I use lynx, and I don't see any images. (BTW, I've been meaning to say that I really appreciate your moving the bloggy bits to the start of the file. THANK YOU!)
But, my advice would be to lighten and tone down the contrast in you background, and to make the file a smaller one.
Bothers me too. Too much noise. The background competes with the text and wins.
... for me, non-scrolling backgrounds are more distracting, because they work differently than what our brains expect from a scrolling page. I much preferred the original Salon-like design.
I use Mozilla 1.0 for Mac OS X and I find the new fancy graphics background kewl and all, but it really puts a stain on my browser — it stuggles to scroll, stuttering and sputtering and going busy-cursor on me and all. This is impacting my desire to continue to read the blog. I come for the words, not for the pictures.
There's more to the web than text... I wouldn't let others dictate your design... at least not if it's just a few readers. It's your website and should reflect your taste, as long as it's usable and legible.
I agree that your move from the Salon design was a good move: differentiates you from the rest of the crowd. But don't overdo it. I'd say remove the background and make the content column wider. You're leaving a lot of screen real state unused.

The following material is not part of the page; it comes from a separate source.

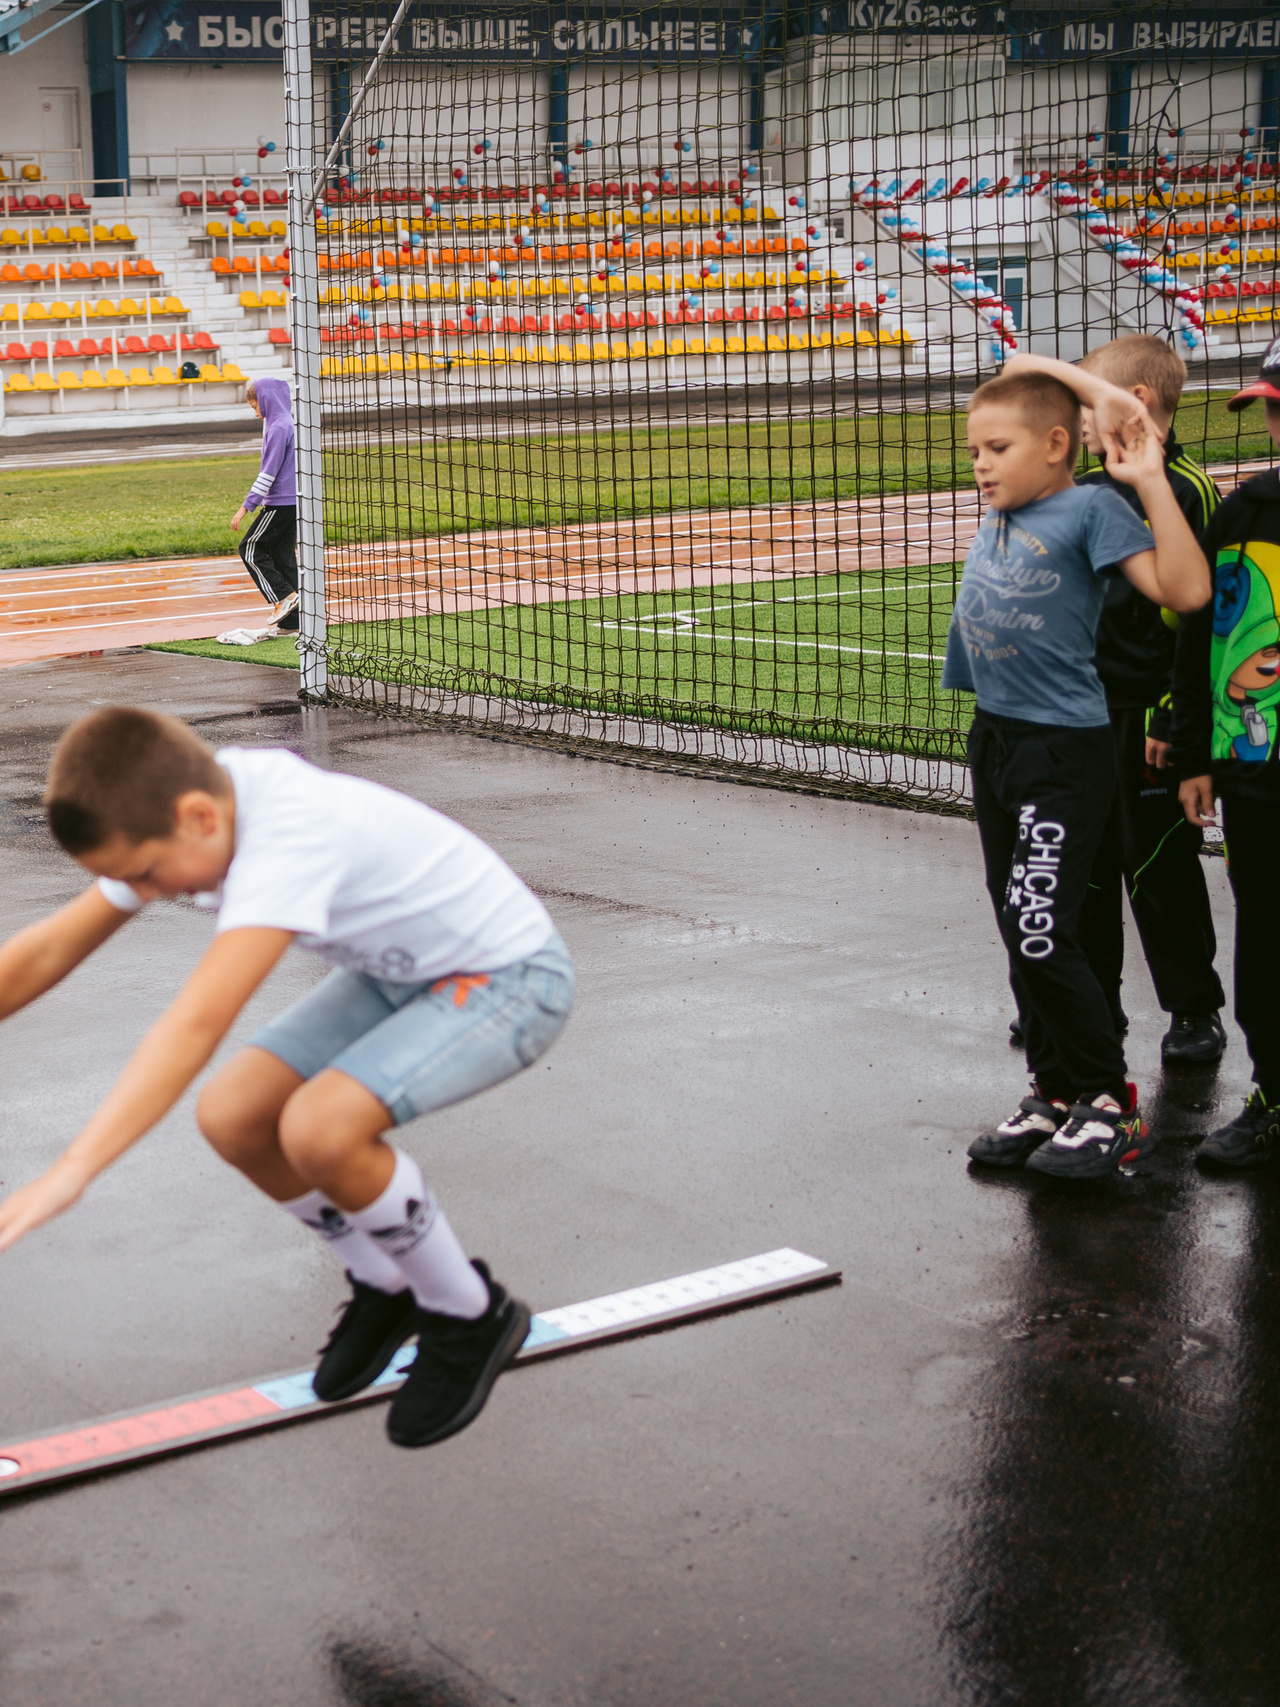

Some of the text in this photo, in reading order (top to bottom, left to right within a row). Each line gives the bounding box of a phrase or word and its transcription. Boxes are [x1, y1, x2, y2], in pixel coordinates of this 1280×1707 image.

[198, 15, 400, 53] БЫСРЕЕ,
[411, 17, 541, 58] ВЫШЕ,
[1063, 21, 1115, 50] МЫ
[957, 583, 1045, 631] Denim

What about keeping just the image of your blog's name at the top?
Ditto on the non-scrolling = slow for Mozilla on Mac OS X. This is because every time you scroll the browser has to re-compute and re-composit elements of the page, rather than copy a different bit of the page it has already rendered to the screen.
I kind of liked the background, or at least the style (I'm glad you've kept it in your site's heading image), but the performance hit of a non-scrolling background was taking its toll on my enjoyment of the site. Thanks for changing it to a solid color.
I didn't particularly like the noisy non-scrolling background. Then again, I think plain and simple is king.
Here's another little beef I have with most weblogs (particularly MT-based weblogs): fixed column widths. Right now my Mozilla window is sized such that your content column takes up half the available space, leaving half my window a fuschia colour. Now, I'm all for leaving some padding and white (or fuschia) space, but it somewhat bugs me when the content doesn't widen with my browser window. I feel that content should make use of all available space, but I'm weird that way.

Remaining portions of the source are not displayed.